**RAW DATA**
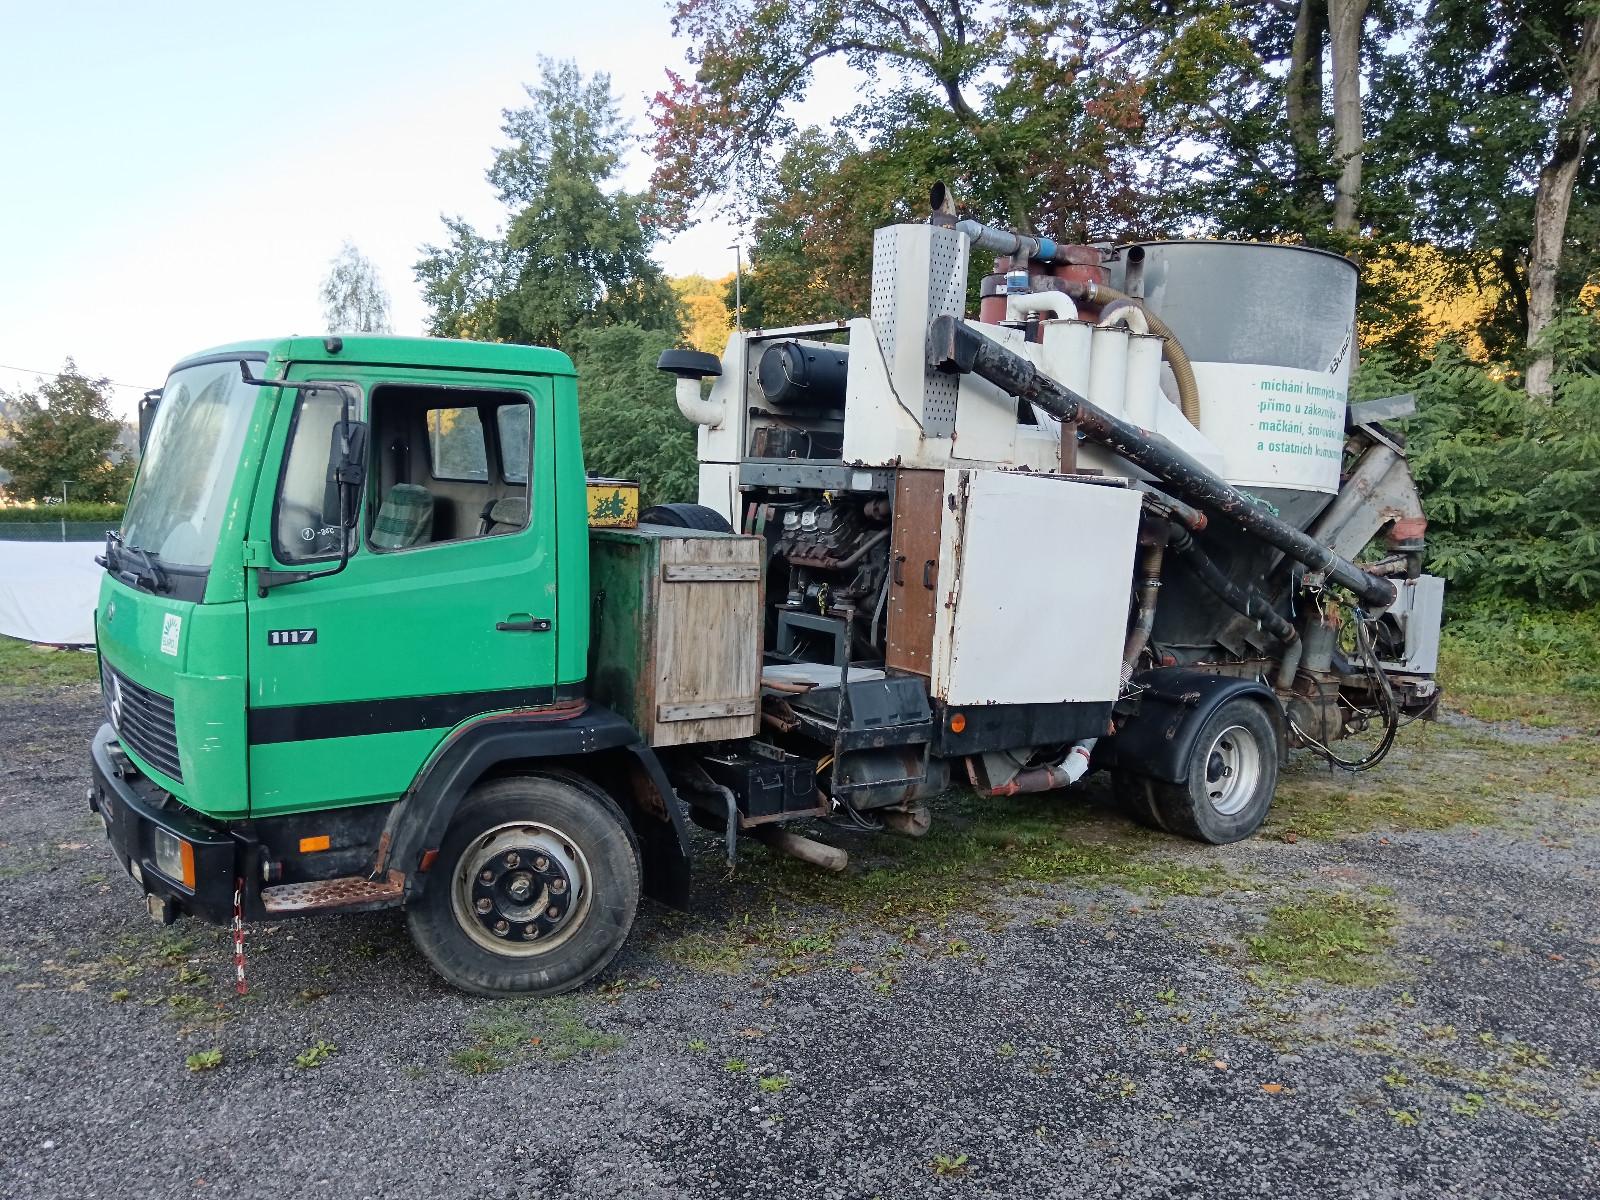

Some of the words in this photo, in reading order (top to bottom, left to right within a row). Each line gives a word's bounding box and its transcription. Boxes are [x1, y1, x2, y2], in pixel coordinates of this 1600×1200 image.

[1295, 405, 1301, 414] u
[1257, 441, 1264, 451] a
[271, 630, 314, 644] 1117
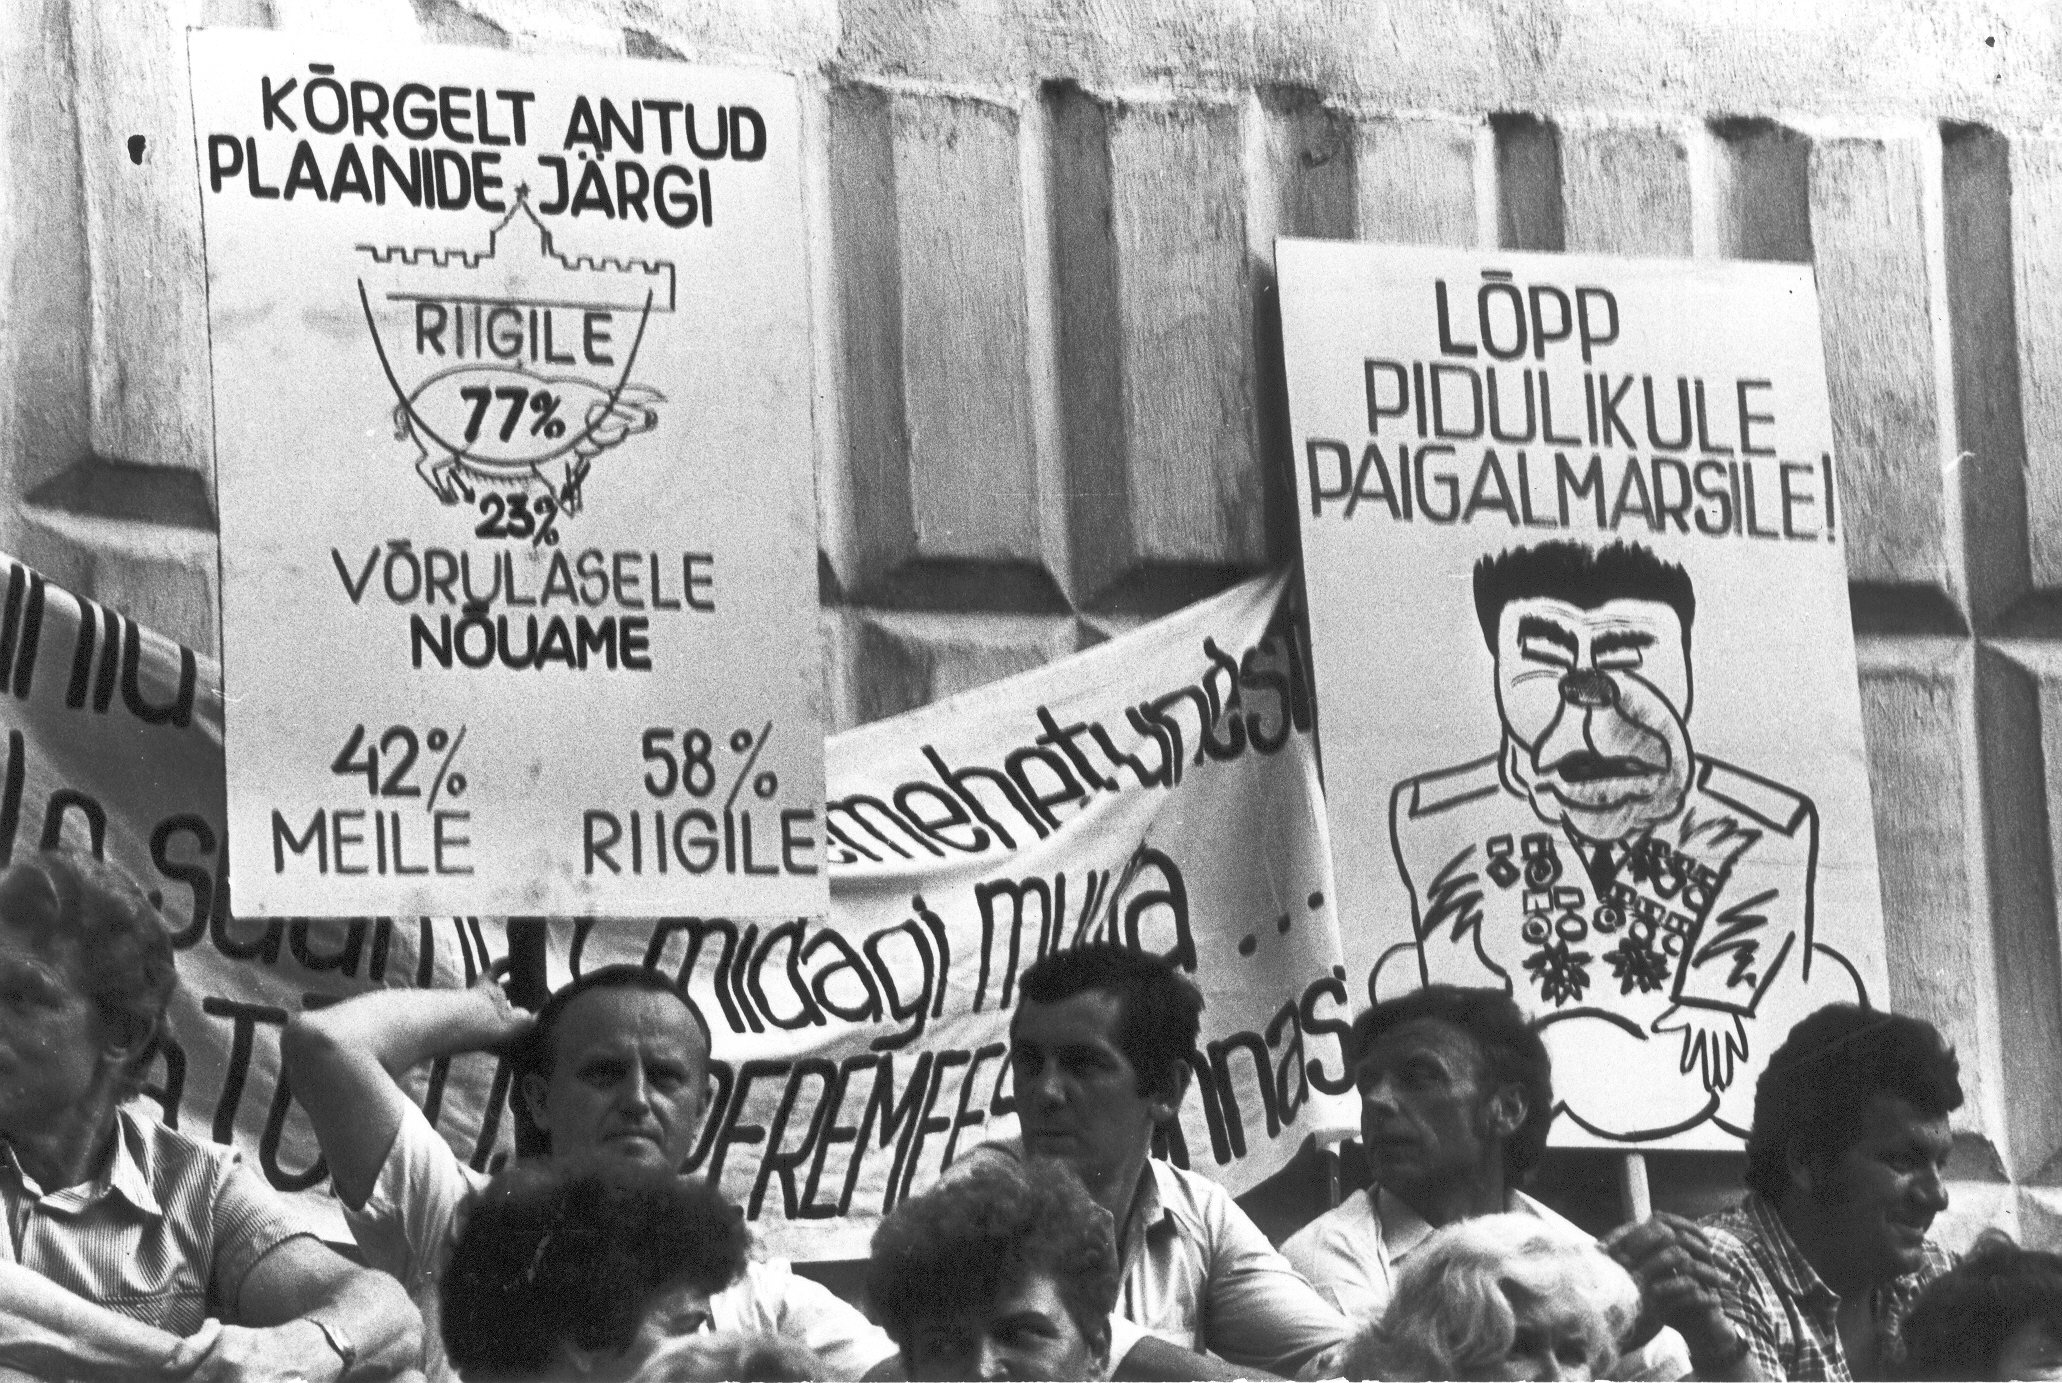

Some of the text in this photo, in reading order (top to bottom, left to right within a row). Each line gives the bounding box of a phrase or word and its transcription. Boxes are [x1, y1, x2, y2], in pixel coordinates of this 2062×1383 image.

**EXERCISE AIM**
Restate each entry word for word. Omit every picture.

**SOLUTION TO THIS EXERCISE**
Some of the words in this photo, in reading order (top to bottom, left to right within a row). Each line gives a word's bounding box and its transcription. Boxes are [x1, y1, x2, y2], in pixel coordinates of this 1600×1200 image.

[1295, 405, 1301, 414] u
[1257, 441, 1264, 451] a
[271, 630, 314, 644] 1117

Some of the text in this photo, in reading order (top to bottom, left to right within a row). Each line gives the bounding box of a phrase or word and its transcription. Boxes are [x1, y1, x2, y2], in pixel coordinates of this 2062×1383 image.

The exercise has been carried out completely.